*** Opening of Source information ***
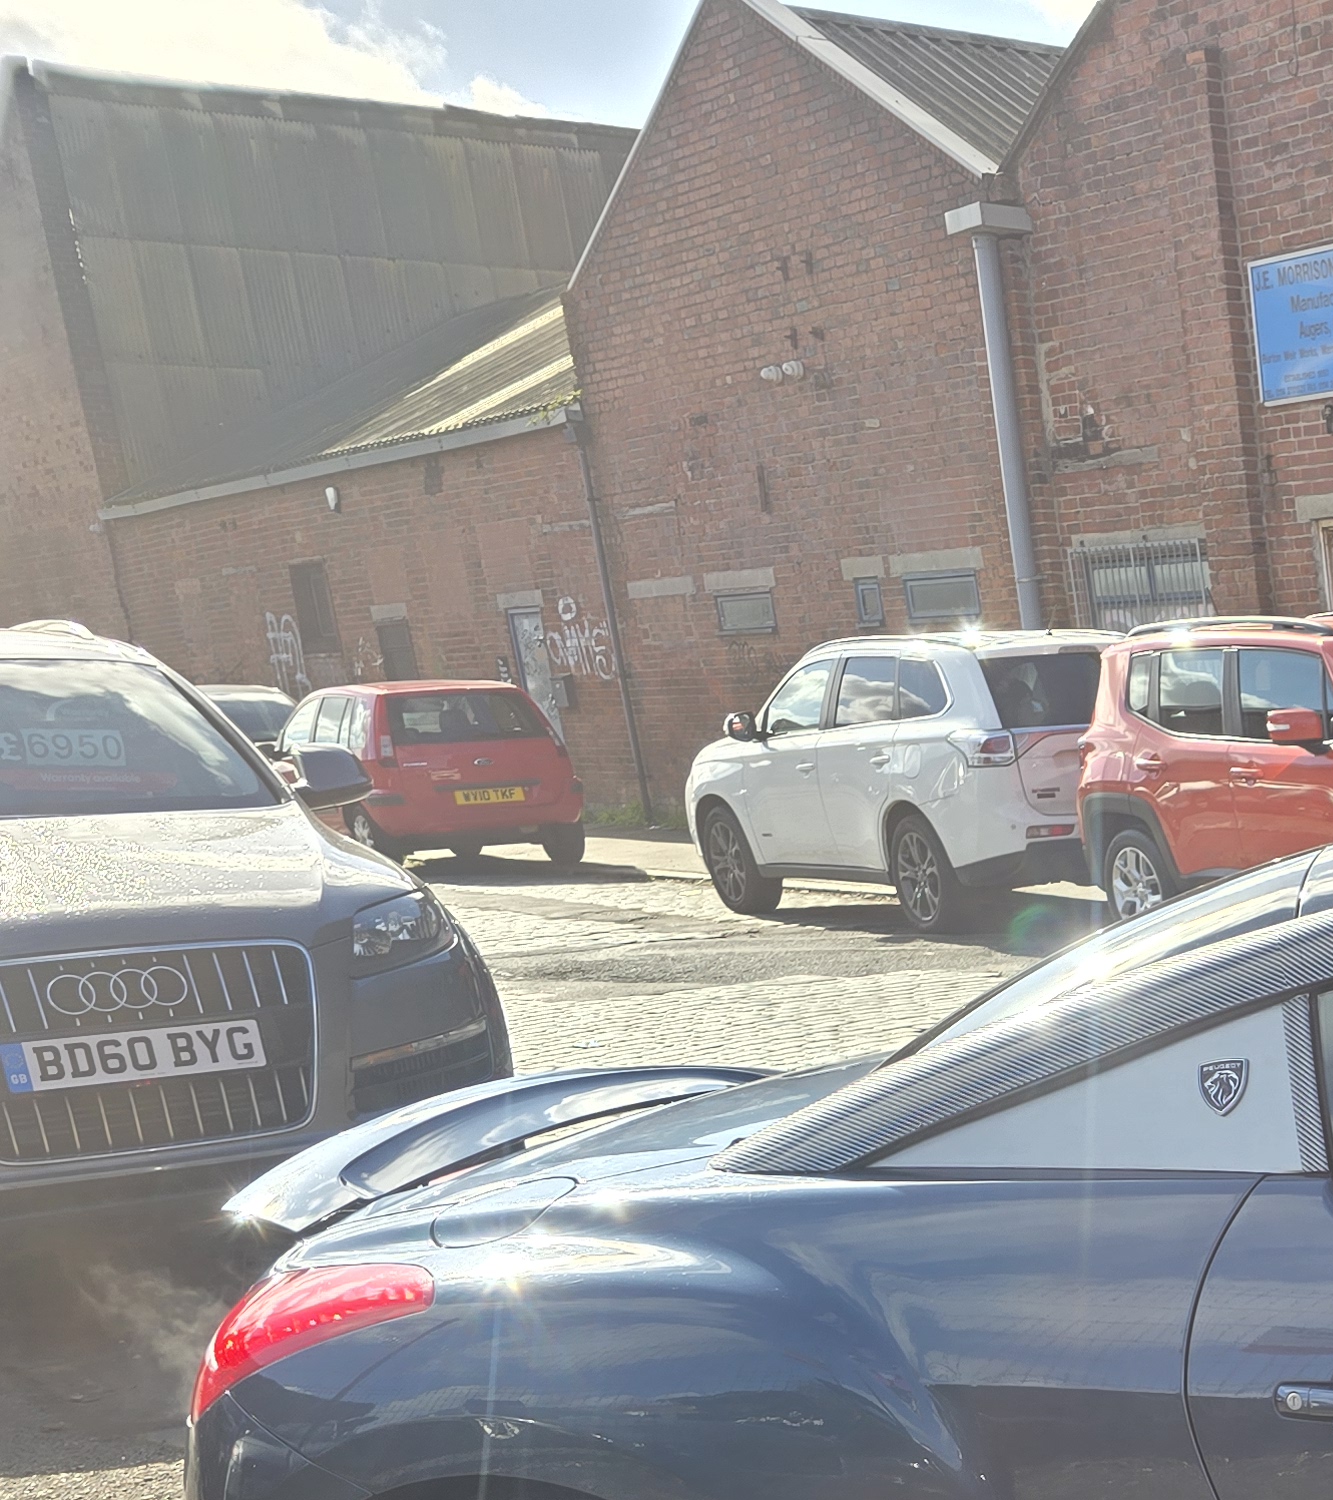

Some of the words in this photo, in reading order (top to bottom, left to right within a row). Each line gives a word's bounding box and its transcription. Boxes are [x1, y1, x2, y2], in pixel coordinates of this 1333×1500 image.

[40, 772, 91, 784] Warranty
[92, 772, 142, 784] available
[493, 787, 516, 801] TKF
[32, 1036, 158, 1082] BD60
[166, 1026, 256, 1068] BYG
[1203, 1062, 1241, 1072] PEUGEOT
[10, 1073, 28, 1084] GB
*** Close of Source information ***
### Work request:
Copy the records exactly. Skip the images.

### Output of the task:
Some of the words in this photo, in reading order (top to bottom, left to right within a row). Each line gives a word's bounding box and its transcription. Boxes are [x1, y1, x2, y2], in pixel coordinates of this 1333×1500 image.

[40, 772, 91, 784] Warranty
[92, 772, 142, 784] available
[493, 787, 516, 801] TKF
[32, 1036, 158, 1082] BD60
[166, 1026, 256, 1068] BYG
[1203, 1062, 1241, 1072] PEUGEOT
[10, 1073, 28, 1084] GB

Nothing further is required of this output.